-------- Information supplied

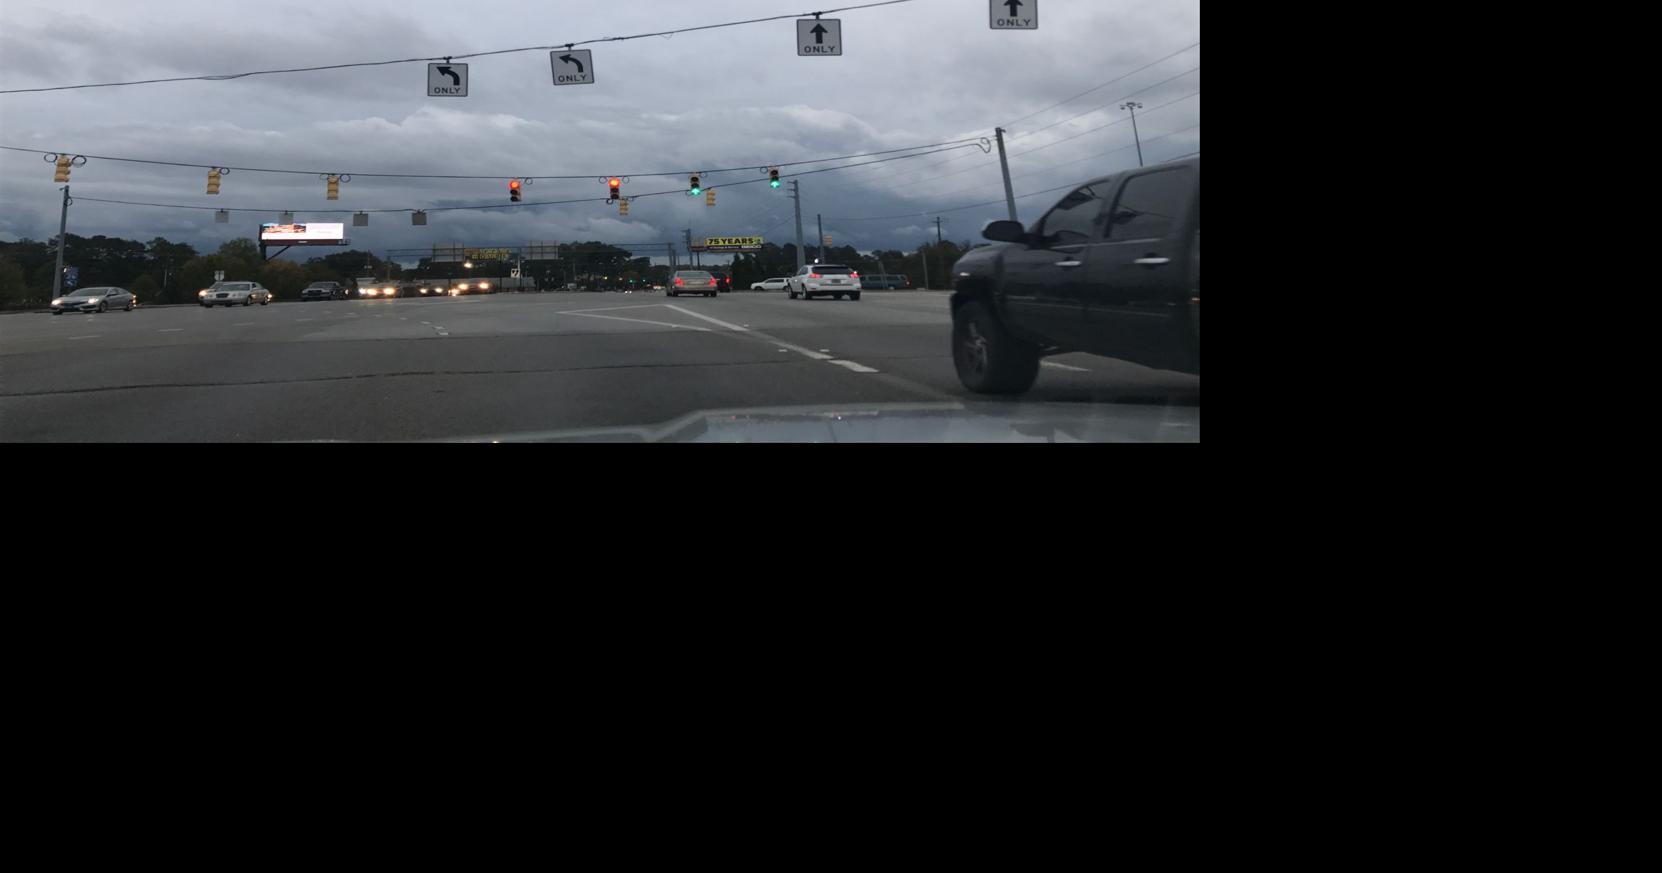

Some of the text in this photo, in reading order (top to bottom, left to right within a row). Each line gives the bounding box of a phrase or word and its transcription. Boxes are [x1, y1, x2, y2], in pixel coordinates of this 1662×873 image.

[997, 19, 1031, 27] ONLY
[804, 46, 835, 54] ONLY
[558, 73, 587, 83] ONLY
[434, 87, 461, 95] ONLY
[720, 237, 755, 245] YEARS
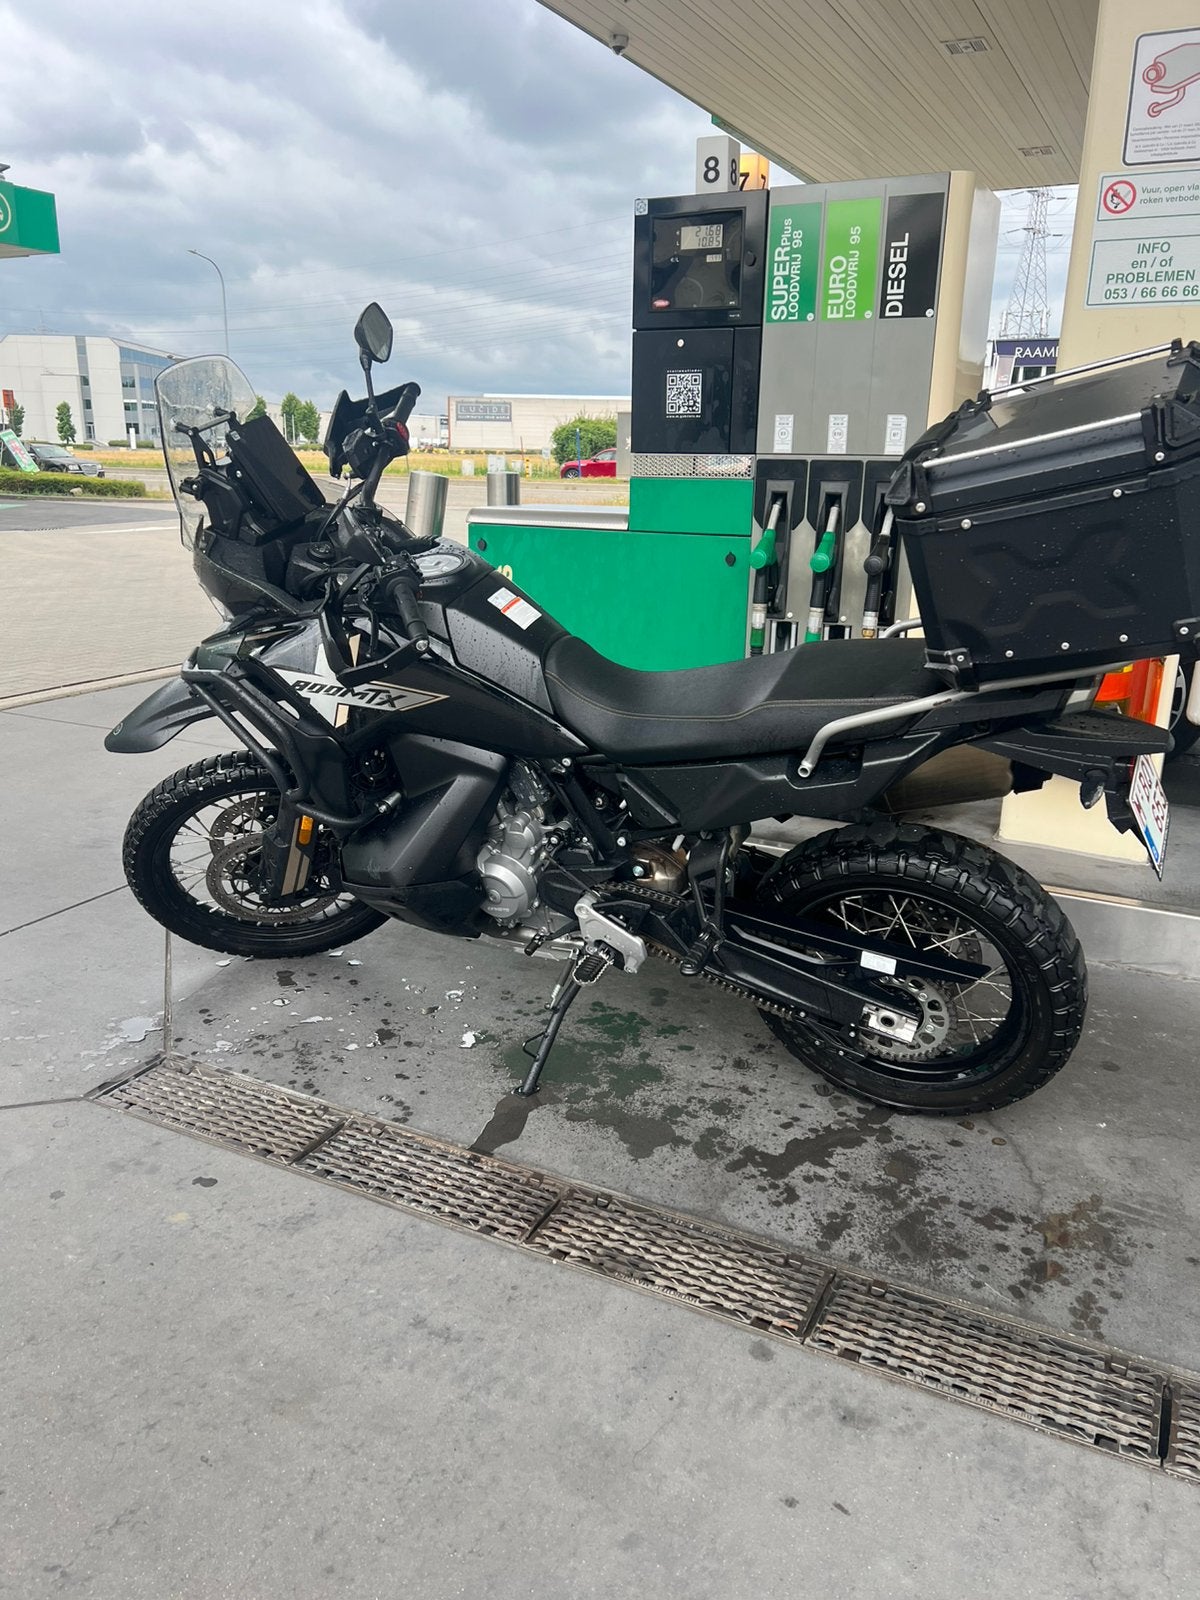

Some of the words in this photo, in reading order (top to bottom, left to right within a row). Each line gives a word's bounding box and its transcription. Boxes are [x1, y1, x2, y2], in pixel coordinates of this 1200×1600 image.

[703, 155, 720, 184] 8
[730, 158, 737, 186] 8
[739, 172, 750, 191] 7
[1141, 186, 1162, 195] Vuur,
[1164, 184, 1185, 194] open
[1140, 196, 1163, 205] roken
[1165, 194, 1200, 204] verbode
[792, 229, 803, 249] 98
[850, 226, 861, 245] 95
[1137, 241, 1171, 255] INFO
[1131, 260, 1147, 269] en
[1150, 256, 1157, 268] /
[1159, 256, 1174, 268] of
[845, 250, 860, 318] LOODVRIJ
[884, 232, 910, 317] DIESEL
[1106, 269, 1196, 284] PROBLEMEN
[788, 253, 803, 321] LOODVRIJ
[827, 255, 847, 319] EURO
[1104, 287, 1128, 300] 053
[1131, 287, 1138, 299] /
[1140, 286, 1157, 298] 66
[1161, 285, 1178, 298] 66
[1182, 284, 1199, 297] 66

----------------

:: What is being asked ::
Could every line above be set down exactly, with the pictures omitted?

:: Response below ::
Some of the text in this photo, in reading order (top to bottom, left to right within a row). Each line gives the bounding box of a phrase or word and its transcription. Boxes are [x1, y1, x2, y2], in pixel coordinates of this 1662×873 image.

[997, 19, 1031, 27] ONLY
[804, 46, 835, 54] ONLY
[558, 73, 587, 83] ONLY
[434, 87, 461, 95] ONLY
[720, 237, 755, 245] YEARS

Some of the words in this photo, in reading order (top to bottom, left to right within a row). Each line gives a word's bounding box and its transcription. Boxes are [x1, y1, x2, y2], in pixel coordinates of this 1200×1600 image.

[703, 155, 720, 184] 8
[730, 158, 737, 186] 8
[739, 172, 750, 191] 7
[1141, 186, 1162, 195] Vuur,
[1164, 184, 1185, 194] open
[1140, 196, 1163, 205] roken
[1165, 194, 1200, 204] verbode
[792, 229, 803, 249] 98
[850, 226, 861, 245] 95
[1137, 241, 1171, 255] INFO
[1131, 260, 1147, 269] en
[1150, 256, 1157, 268] /
[1159, 256, 1174, 268] of
[845, 250, 860, 318] LOODVRIJ
[884, 232, 910, 317] DIESEL
[1106, 269, 1196, 284] PROBLEMEN
[788, 253, 803, 321] LOODVRIJ
[827, 255, 847, 319] EURO
[1104, 287, 1128, 300] 053
[1131, 287, 1138, 299] /
[1140, 286, 1157, 298] 66
[1161, 285, 1178, 298] 66
[1182, 284, 1199, 297] 66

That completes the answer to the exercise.